(Saved data entries)
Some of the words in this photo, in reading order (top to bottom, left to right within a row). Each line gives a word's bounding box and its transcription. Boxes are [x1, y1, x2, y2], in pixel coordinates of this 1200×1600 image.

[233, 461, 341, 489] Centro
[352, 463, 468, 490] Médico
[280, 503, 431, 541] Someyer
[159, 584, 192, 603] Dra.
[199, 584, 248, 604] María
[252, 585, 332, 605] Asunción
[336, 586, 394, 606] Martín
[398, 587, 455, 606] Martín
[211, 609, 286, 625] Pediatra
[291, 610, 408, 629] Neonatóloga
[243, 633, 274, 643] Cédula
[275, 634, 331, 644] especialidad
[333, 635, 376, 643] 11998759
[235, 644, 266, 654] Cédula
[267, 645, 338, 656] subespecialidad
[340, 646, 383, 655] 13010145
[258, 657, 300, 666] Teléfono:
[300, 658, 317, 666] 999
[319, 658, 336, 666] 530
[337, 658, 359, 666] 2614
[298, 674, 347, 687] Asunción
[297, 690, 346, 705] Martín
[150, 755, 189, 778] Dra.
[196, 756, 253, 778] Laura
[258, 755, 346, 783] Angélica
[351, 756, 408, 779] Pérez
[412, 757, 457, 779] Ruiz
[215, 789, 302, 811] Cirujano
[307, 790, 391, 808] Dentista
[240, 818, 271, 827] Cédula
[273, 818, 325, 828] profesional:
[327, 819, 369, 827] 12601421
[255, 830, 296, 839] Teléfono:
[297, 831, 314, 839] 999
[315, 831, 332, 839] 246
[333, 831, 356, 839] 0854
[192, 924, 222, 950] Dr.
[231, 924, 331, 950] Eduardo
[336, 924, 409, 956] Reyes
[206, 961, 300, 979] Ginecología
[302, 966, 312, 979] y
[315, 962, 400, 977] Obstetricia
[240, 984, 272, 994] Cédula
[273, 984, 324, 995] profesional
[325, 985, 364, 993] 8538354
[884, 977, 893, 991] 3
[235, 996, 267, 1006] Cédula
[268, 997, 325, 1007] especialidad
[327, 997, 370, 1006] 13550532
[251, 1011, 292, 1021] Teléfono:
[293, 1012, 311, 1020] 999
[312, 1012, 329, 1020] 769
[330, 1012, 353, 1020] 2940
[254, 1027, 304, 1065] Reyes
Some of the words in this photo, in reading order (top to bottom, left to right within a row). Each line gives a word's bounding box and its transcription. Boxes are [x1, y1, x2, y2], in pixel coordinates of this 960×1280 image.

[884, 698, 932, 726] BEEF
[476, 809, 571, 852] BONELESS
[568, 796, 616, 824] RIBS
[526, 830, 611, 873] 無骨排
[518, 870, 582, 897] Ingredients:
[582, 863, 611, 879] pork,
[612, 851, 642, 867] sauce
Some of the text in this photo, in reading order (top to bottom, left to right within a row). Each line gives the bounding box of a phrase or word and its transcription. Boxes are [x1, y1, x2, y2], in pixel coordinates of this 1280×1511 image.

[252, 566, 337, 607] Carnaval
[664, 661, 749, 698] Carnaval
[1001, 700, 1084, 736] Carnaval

## THE TASK
Write the entries above out again, unchanged and complete.

## ANSWER SPACE
Some of the words in this photo, in reading order (top to bottom, left to right within a row). Each line gives a word's bounding box and its transcription. Boxes are [x1, y1, x2, y2], in pixel coordinates of this 1200×1600 image.

[233, 461, 341, 489] Centro
[352, 463, 468, 490] Médico
[280, 503, 431, 541] Someyer
[159, 584, 192, 603] Dra.
[199, 584, 248, 604] María
[252, 585, 332, 605] Asunción
[336, 586, 394, 606] Martín
[398, 587, 455, 606] Martín
[211, 609, 286, 625] Pediatra
[291, 610, 408, 629] Neonatóloga
[243, 633, 274, 643] Cédula
[275, 634, 331, 644] especialidad
[333, 635, 376, 643] 11998759
[235, 644, 266, 654] Cédula
[267, 645, 338, 656] subespecialidad
[340, 646, 383, 655] 13010145
[258, 657, 300, 666] Teléfono:
[300, 658, 317, 666] 999
[319, 658, 336, 666] 530
[337, 658, 359, 666] 2614
[298, 674, 347, 687] Asunción
[297, 690, 346, 705] Martín
[150, 755, 189, 778] Dra.
[196, 756, 253, 778] Laura
[258, 755, 346, 783] Angélica
[351, 756, 408, 779] Pérez
[412, 757, 457, 779] Ruiz
[215, 789, 302, 811] Cirujano
[307, 790, 391, 808] Dentista
[240, 818, 271, 827] Cédula
[273, 818, 325, 828] profesional:
[327, 819, 369, 827] 12601421
[255, 830, 296, 839] Teléfono:
[297, 831, 314, 839] 999
[315, 831, 332, 839] 246
[333, 831, 356, 839] 0854
[192, 924, 222, 950] Dr.
[231, 924, 331, 950] Eduardo
[336, 924, 409, 956] Reyes
[206, 961, 300, 979] Ginecología
[302, 966, 312, 979] y
[315, 962, 400, 977] Obstetricia
[240, 984, 272, 994] Cédula
[273, 984, 324, 995] profesional
[325, 985, 364, 993] 8538354
[884, 977, 893, 991] 3
[235, 996, 267, 1006] Cédula
[268, 997, 325, 1007] especialidad
[327, 997, 370, 1006] 13550532
[251, 1011, 292, 1021] Teléfono:
[293, 1012, 311, 1020] 999
[312, 1012, 329, 1020] 769
[330, 1012, 353, 1020] 2940
[254, 1027, 304, 1065] Reyes
Some of the words in this photo, in reading order (top to bottom, left to right within a row). Each line gives a word's bounding box and its transcription. Boxes are [x1, y1, x2, y2], in pixel coordinates of this 960×1280 image.

[884, 698, 932, 726] BEEF
[476, 809, 571, 852] BONELESS
[568, 796, 616, 824] RIBS
[526, 830, 611, 873] 無骨排
[518, 870, 582, 897] Ingredients:
[582, 863, 611, 879] pork,
[612, 851, 642, 867] sauce
Some of the text in this photo, in reading order (top to bottom, left to right within a row). Each line gives the bounding box of a phrase or word and its transcription. Boxes are [x1, y1, x2, y2], in pixel coordinates of this 1280×1511 image.

[252, 566, 337, 607] Carnaval
[664, 661, 749, 698] Carnaval
[1001, 700, 1084, 736] Carnaval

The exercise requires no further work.